Exact copies of the records below are required.

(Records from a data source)
+---+

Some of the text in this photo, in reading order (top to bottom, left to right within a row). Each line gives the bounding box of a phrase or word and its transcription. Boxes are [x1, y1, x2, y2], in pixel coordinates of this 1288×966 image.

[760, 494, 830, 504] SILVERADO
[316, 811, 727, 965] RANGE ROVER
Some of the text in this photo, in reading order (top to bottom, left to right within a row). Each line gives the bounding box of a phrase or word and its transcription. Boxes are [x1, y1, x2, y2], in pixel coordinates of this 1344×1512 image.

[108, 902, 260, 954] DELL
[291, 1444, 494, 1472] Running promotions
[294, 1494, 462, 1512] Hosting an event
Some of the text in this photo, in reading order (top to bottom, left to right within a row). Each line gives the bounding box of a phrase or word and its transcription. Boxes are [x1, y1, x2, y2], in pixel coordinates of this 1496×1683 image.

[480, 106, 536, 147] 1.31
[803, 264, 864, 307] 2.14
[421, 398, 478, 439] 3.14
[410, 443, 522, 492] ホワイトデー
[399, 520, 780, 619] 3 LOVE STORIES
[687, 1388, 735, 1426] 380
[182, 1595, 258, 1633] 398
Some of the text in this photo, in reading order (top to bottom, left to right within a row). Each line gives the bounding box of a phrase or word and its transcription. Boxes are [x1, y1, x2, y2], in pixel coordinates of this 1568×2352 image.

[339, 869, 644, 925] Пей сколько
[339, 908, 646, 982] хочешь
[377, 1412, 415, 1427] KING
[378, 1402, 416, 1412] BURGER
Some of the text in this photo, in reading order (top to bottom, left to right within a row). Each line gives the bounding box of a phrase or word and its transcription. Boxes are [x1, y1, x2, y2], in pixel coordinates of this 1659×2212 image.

+---+

SOLUTION:
Some of the text in this photo, in reading order (top to bottom, left to right within a row). Each line gives the bounding box of a phrase or word and its transcription. Boxes are [x1, y1, x2, y2], in pixel coordinates of this 1288×966 image.

[760, 494, 830, 504] SILVERADO
[316, 811, 727, 965] RANGE ROVER
Some of the text in this photo, in reading order (top to bottom, left to right within a row). Each line gives the bounding box of a phrase or word and its transcription. Boxes are [x1, y1, x2, y2], in pixel coordinates of this 1344×1512 image.

[108, 902, 260, 954] DELL
[291, 1444, 494, 1472] Running promotions
[294, 1494, 462, 1512] Hosting an event
Some of the text in this photo, in reading order (top to bottom, left to right within a row). Each line gives the bounding box of a phrase or word and its transcription. Boxes are [x1, y1, x2, y2], in pixel coordinates of this 1496×1683 image.

[480, 106, 536, 147] 1.31
[803, 264, 864, 307] 2.14
[421, 398, 478, 439] 3.14
[410, 443, 522, 492] ホワイトデー
[399, 520, 780, 619] 3 LOVE STORIES
[687, 1388, 735, 1426] 380
[182, 1595, 258, 1633] 398
Some of the text in this photo, in reading order (top to bottom, left to right within a row). Each line gives the bounding box of a phrase or word and its transcription. Boxes are [x1, y1, x2, y2], in pixel coordinates of this 1568×2352 image.

[339, 869, 644, 925] Пей сколько
[339, 908, 646, 982] хочешь
[377, 1412, 415, 1427] KING
[378, 1402, 416, 1412] BURGER
Some of the text in this photo, in reading order (top to bottom, left to right within a row). Each line gives the bounding box of a phrase or word and its transcription. Boxes are [x1, y1, x2, y2], in pixel coordinates of this 1659×2212 image.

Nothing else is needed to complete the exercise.